Privacy and confidentiality: Patient confidentiality has long been fundamental to the healthcare professions, having its roots in rules even older than the Hippocratic Oath. However, when a disorder is the result of a genetic characteristic, is the "patient" solely the individual, or does the entire family have rights? Are there circumstances in which family members should be entitled, by law, to override an individual's desire for privacy to obtain information relevant to genetic conditions that may also affect them? Should a patient have a right not to know the genetic determinants of likely future medical problems? How do we reconcile the rights of the individual with the fact that genetic data may be very important for others, and how do we prevent discrimination based on such data?
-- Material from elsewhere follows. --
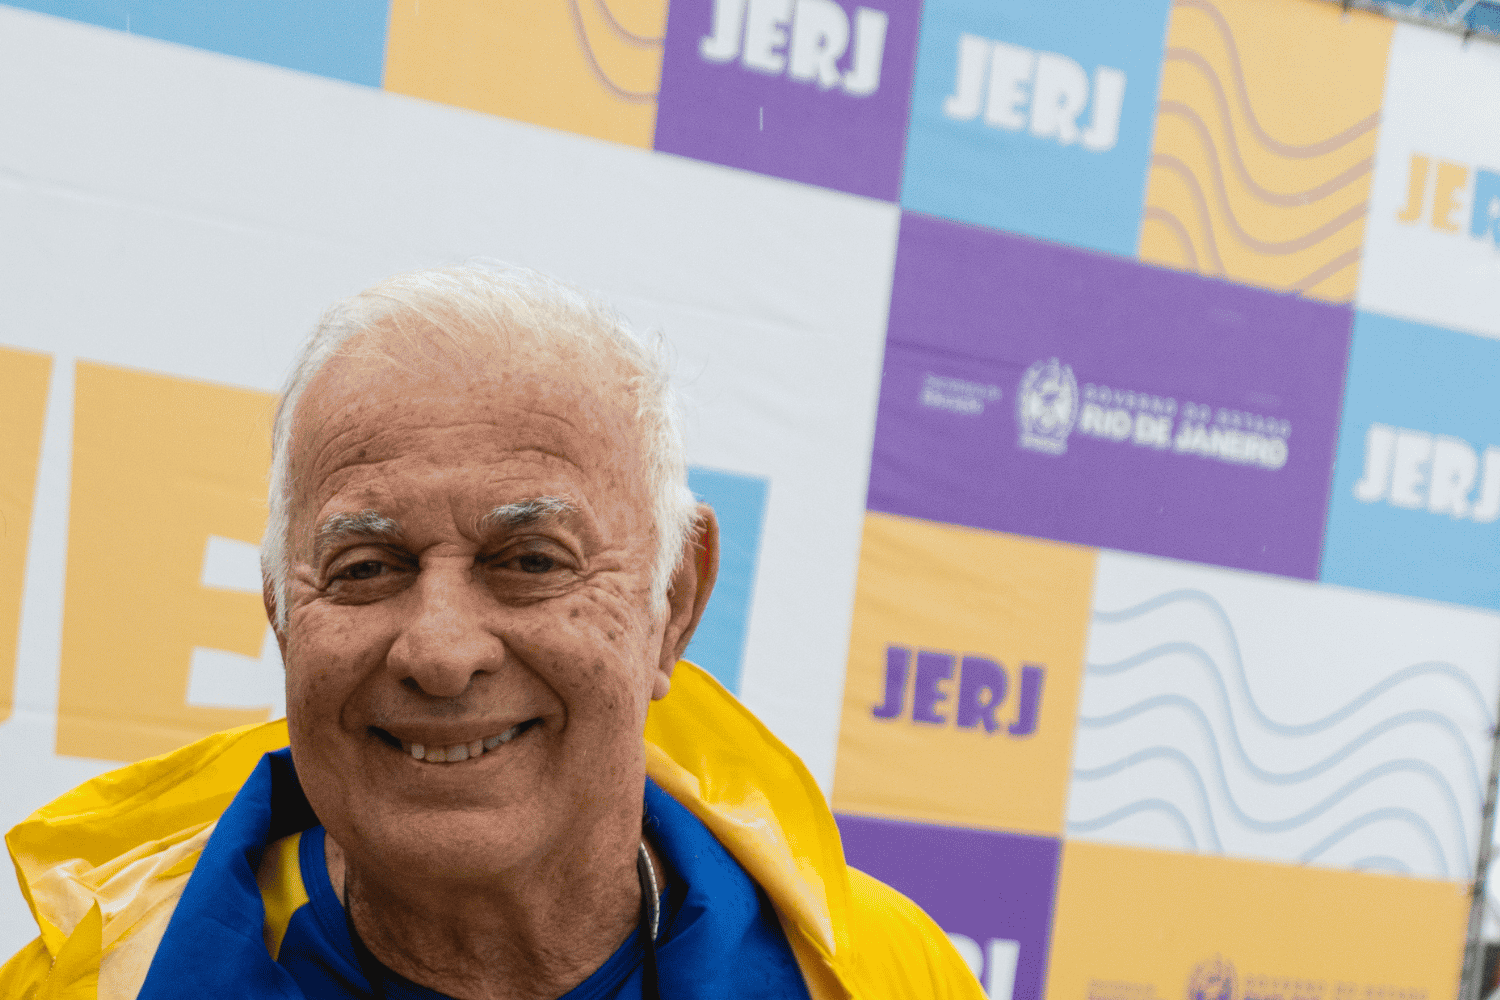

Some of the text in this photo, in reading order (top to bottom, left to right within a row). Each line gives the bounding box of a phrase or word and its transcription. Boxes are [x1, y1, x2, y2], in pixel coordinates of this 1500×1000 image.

Third-party interests: The previous questions lead naturally to the legal rights of third parties. Should an employer have a right to require employees to submit to genetic testing to establish their likely future health status? If a blanket right is unacceptable, are there some kinds of employment for which such a right should exist by law? Are there other, less intrusive means for such employers to monitor relevant health conditions? And what of insurance companies, which traditionally have had to share largely unknown risks in sickness and life insurance with their clients? Now, would the use of newly available, near-perfect genetic tests not shift the scales unfairly to the insurers' advantage? Would it be feasible to deny the use of such tests, given that insurers can already require prospective clients to undergo other tests that may suggest genetic predispositions?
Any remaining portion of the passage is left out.